┏━━

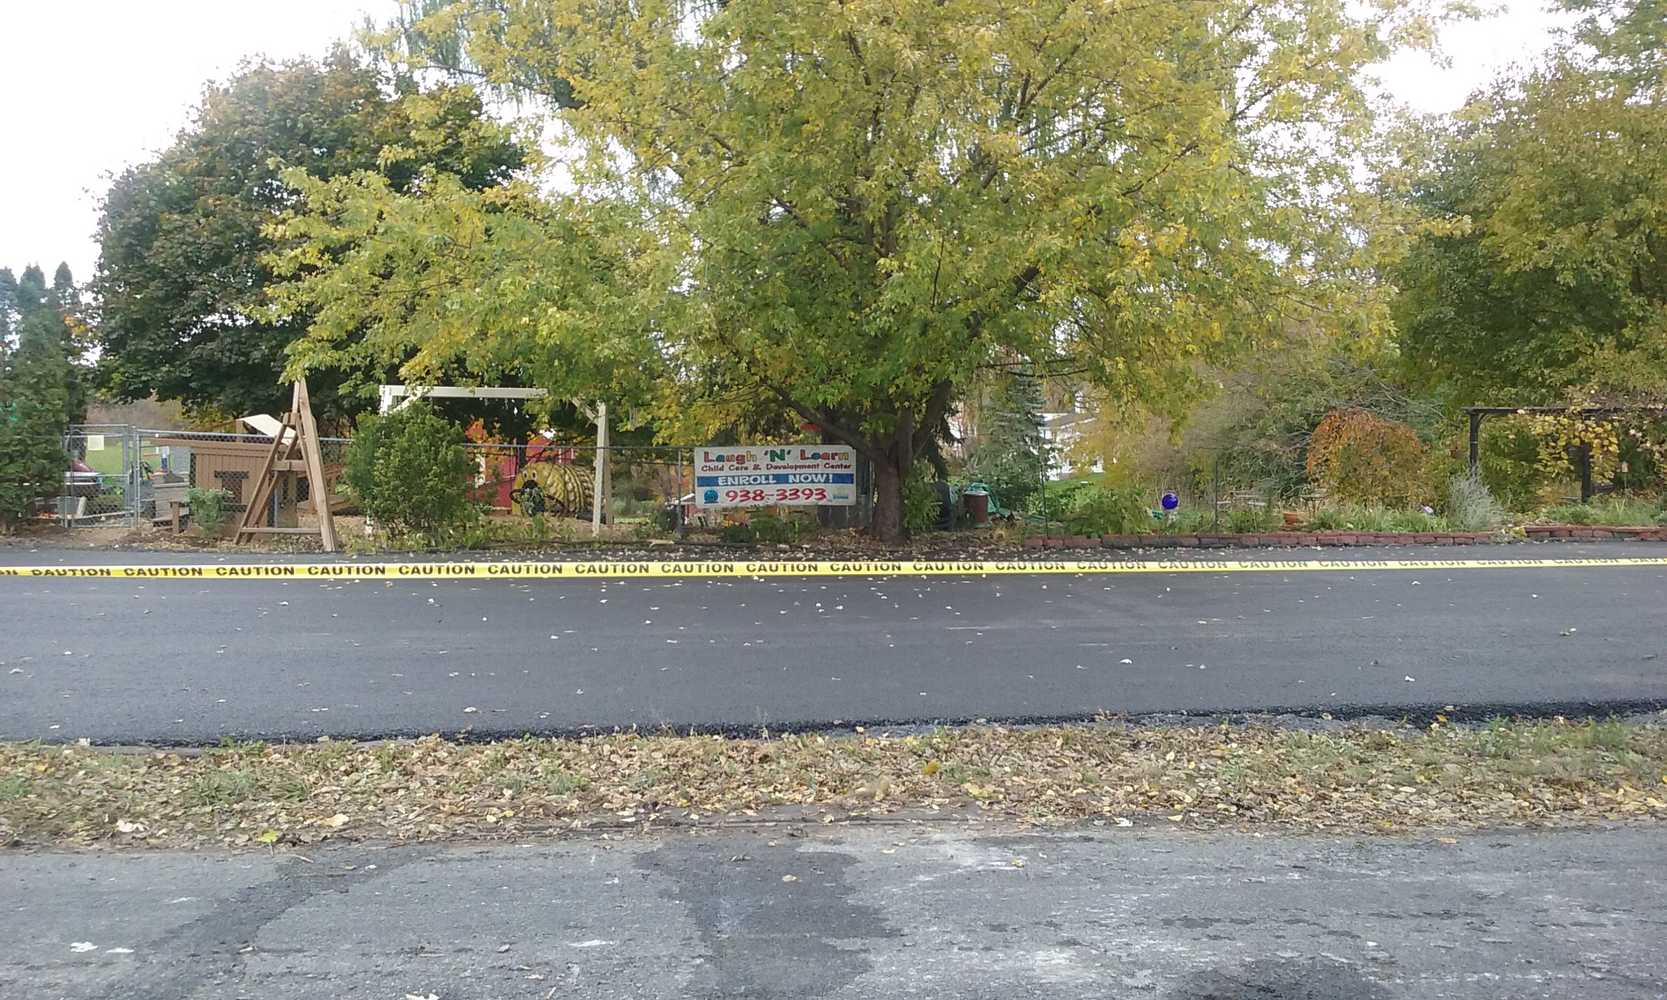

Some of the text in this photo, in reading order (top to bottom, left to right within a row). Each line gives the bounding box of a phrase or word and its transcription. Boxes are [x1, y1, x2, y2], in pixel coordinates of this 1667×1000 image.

[704, 449, 757, 465] Laugh
[800, 449, 849, 461] Learn
[702, 464, 725, 472] Child
[766, 463, 820, 472] Development
[718, 474, 833, 486] ENROLL NOW!
[725, 487, 828, 502] 938-3393
[31, 569, 112, 577] CAUTION
[124, 567, 203, 577] CAUTION
[216, 566, 295, 576] CAUTION
[307, 566, 386, 576] CAUTION
[399, 565, 475, 575] CAUTION
[487, 564, 563, 574] CAUTION
[575, 564, 649, 574] CAUTION
[661, 563, 734, 574] CAUTION
[746, 563, 818, 573] CAUTION
[831, 563, 901, 572] CAUTION
[913, 562, 984, 571] CAUTION
[995, 562, 1065, 571] CAUTION
[1077, 561, 1146, 571] CAUTION
[1158, 561, 1228, 570] CAUTION
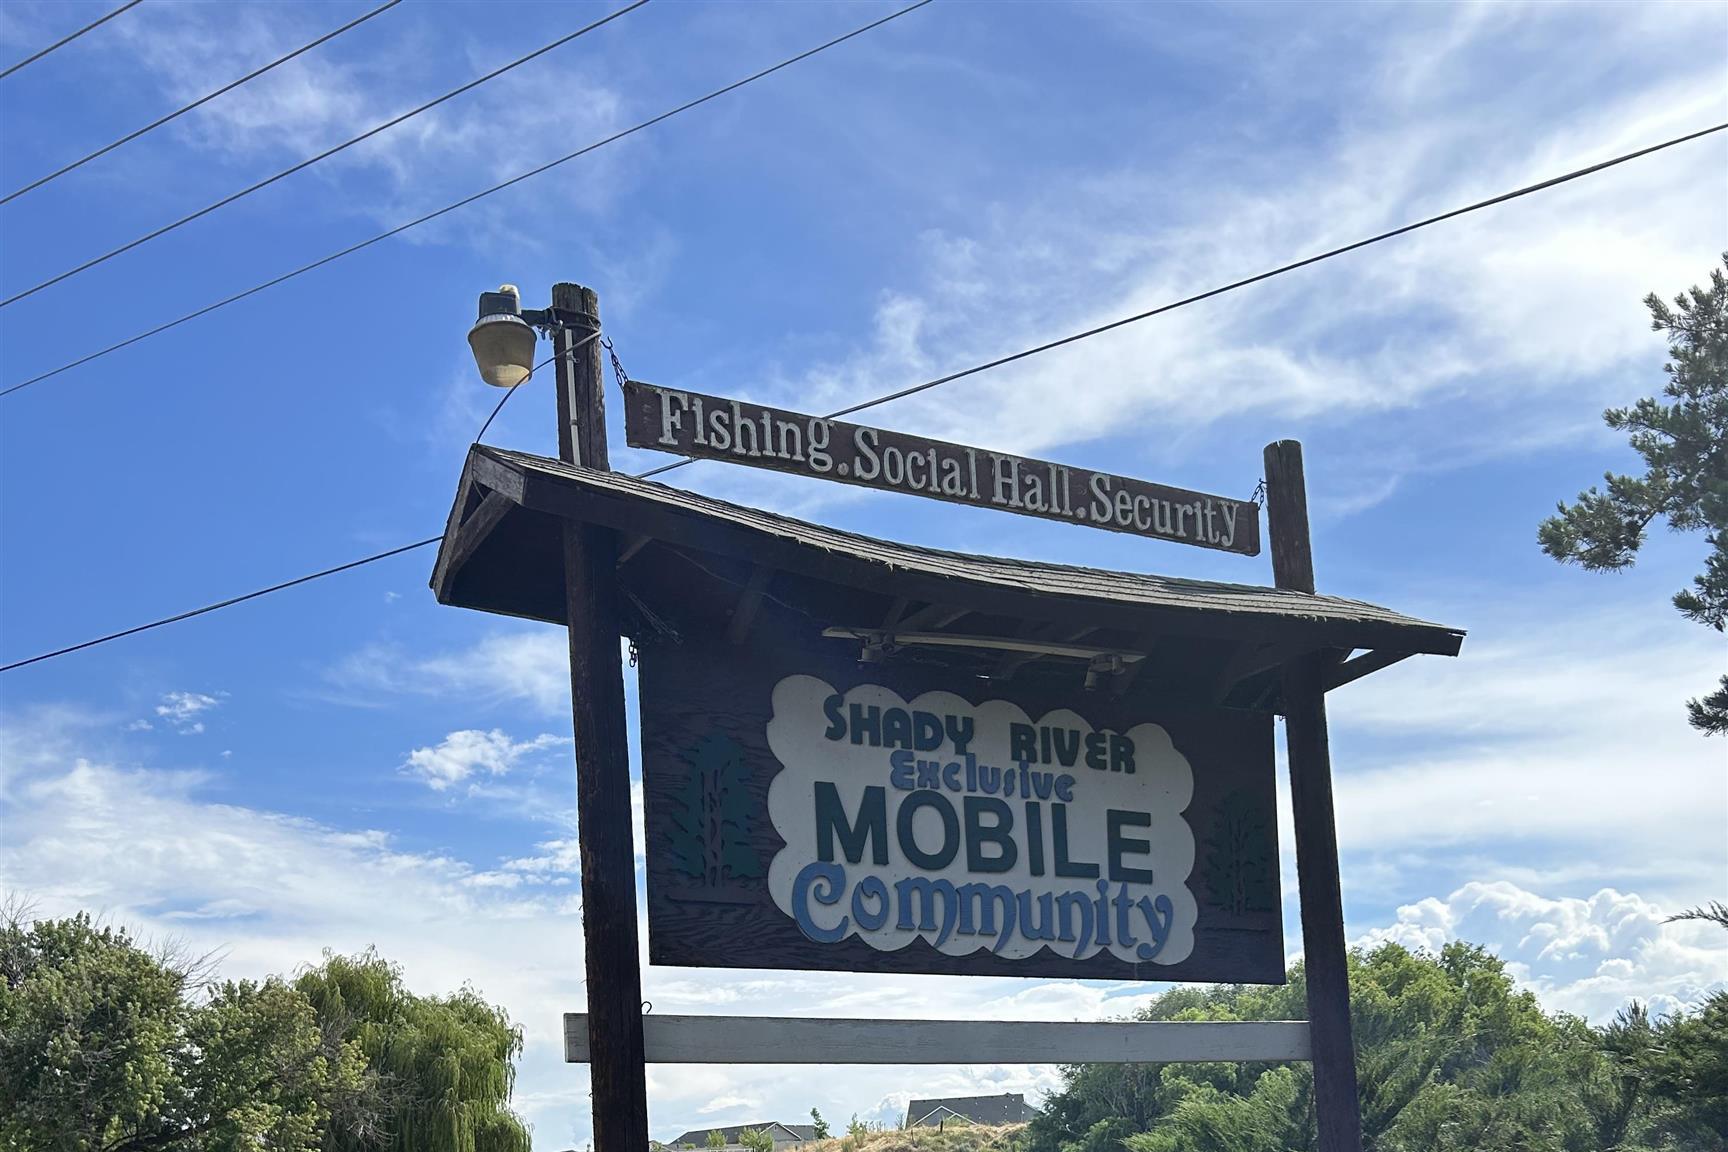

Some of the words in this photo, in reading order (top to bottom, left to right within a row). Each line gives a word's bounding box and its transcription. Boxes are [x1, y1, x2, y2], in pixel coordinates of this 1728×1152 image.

[853, 426, 981, 499] Social
[1089, 472, 1239, 547] Security
[823, 694, 974, 755] SHADY
[1010, 722, 1136, 774] RIVER
[889, 750, 1076, 802] Exclusive
[814, 781, 1154, 884] MOBILE
[791, 861, 1174, 960] Community
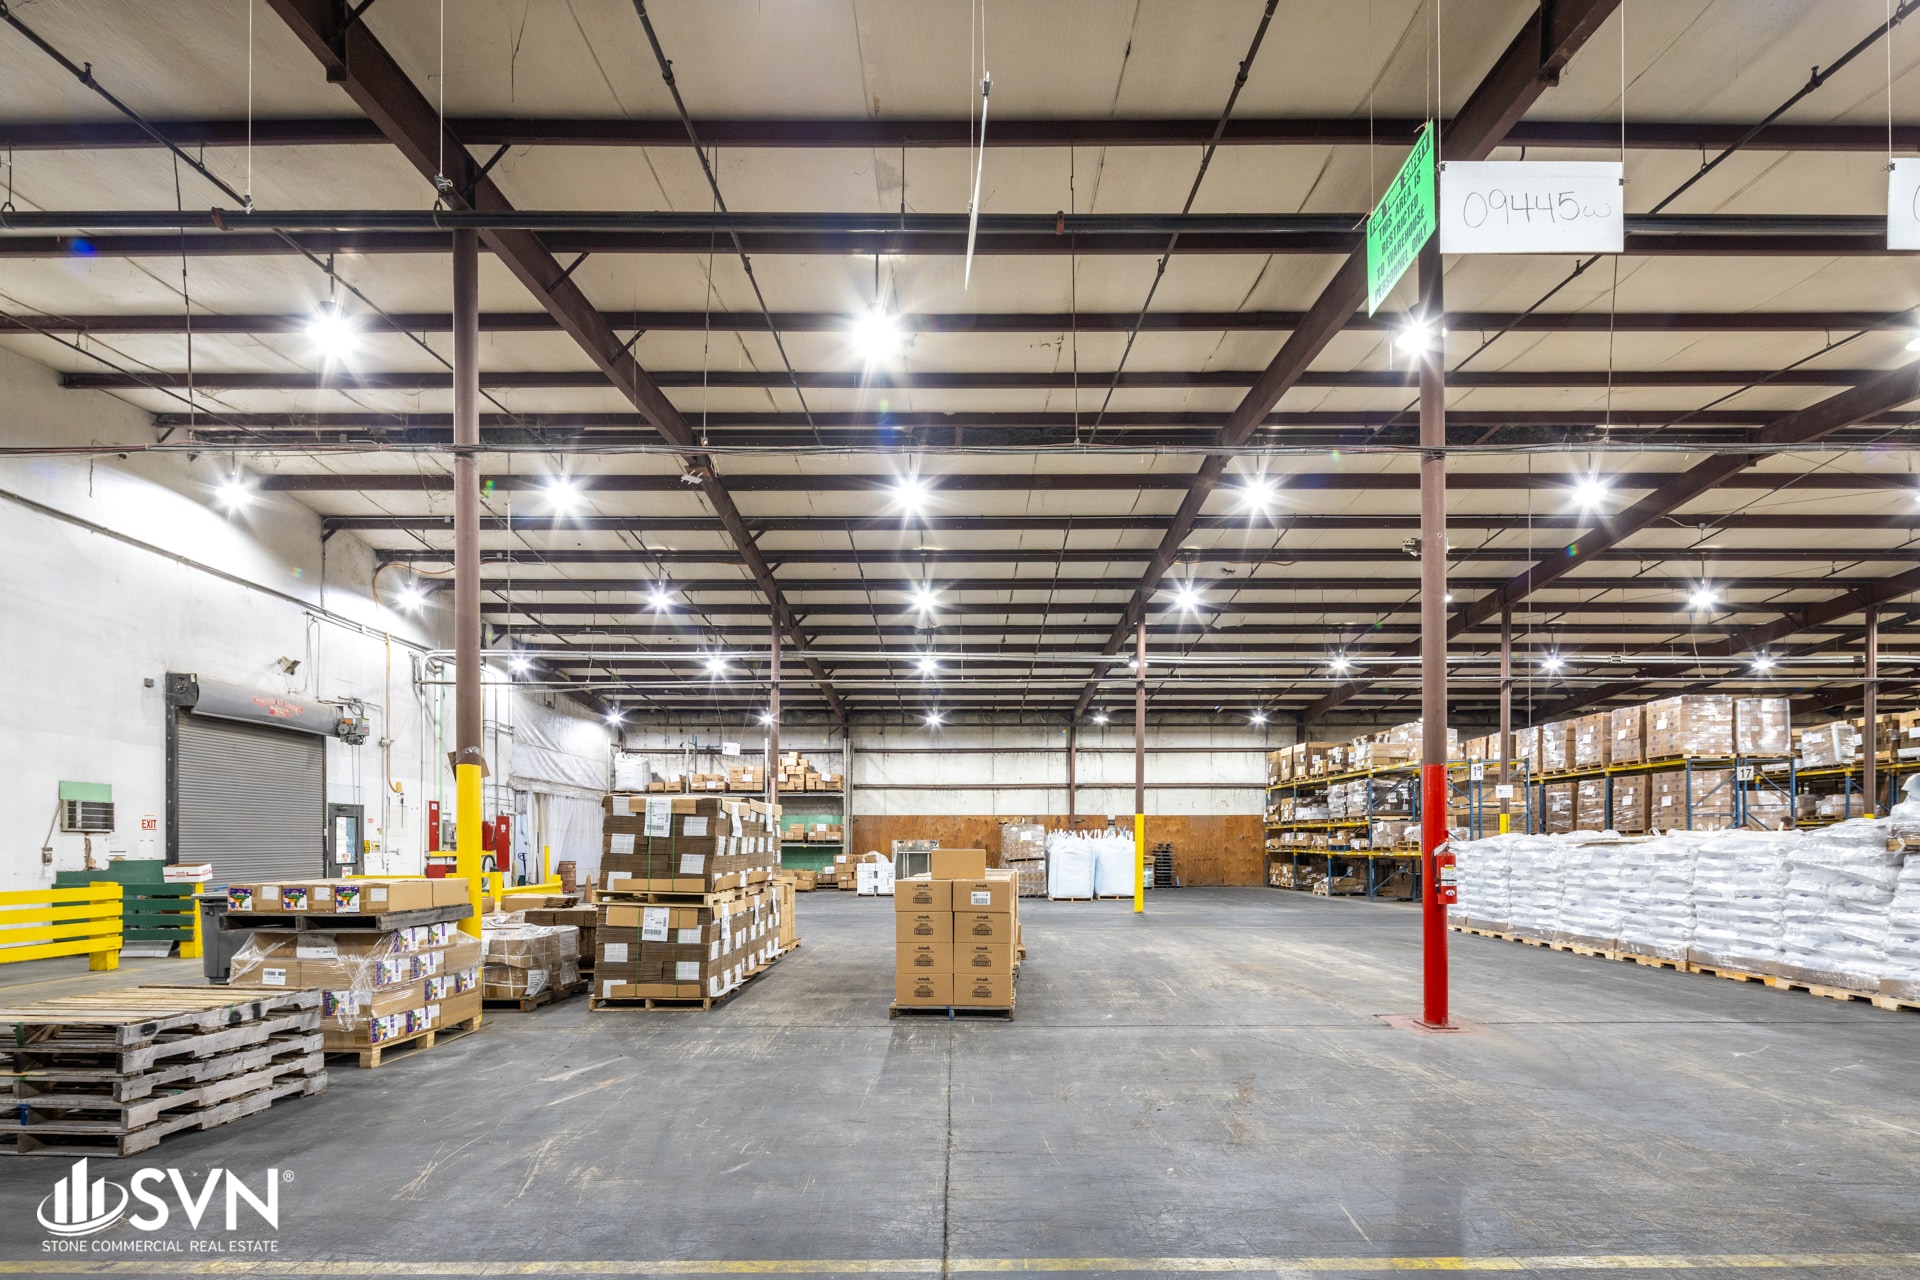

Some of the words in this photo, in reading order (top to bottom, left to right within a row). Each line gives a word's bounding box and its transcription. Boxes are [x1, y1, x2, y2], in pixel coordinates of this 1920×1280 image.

┗━━

## Your objective:
The range to set down runs from the line containing "this 1728×1152 image." through the final line of the data, both ends included; give it exactly and drop the pictures.

## Output for this task:
Some of the words in this photo, in reading order (top to bottom, left to right within a row). Each line gives a word's bounding box and its transcription. Boxes are [x1, y1, x2, y2], in pixel coordinates of this 1728×1152 image.

[853, 426, 981, 499] Social
[1089, 472, 1239, 547] Security
[823, 694, 974, 755] SHADY
[1010, 722, 1136, 774] RIVER
[889, 750, 1076, 802] Exclusive
[814, 781, 1154, 884] MOBILE
[791, 861, 1174, 960] Community

Some of the words in this photo, in reading order (top to bottom, left to right within a row). Each line gives a word's bounding box and its transcription. Boxes are [x1, y1, x2, y2], in pixel coordinates of this 1920×1280 image.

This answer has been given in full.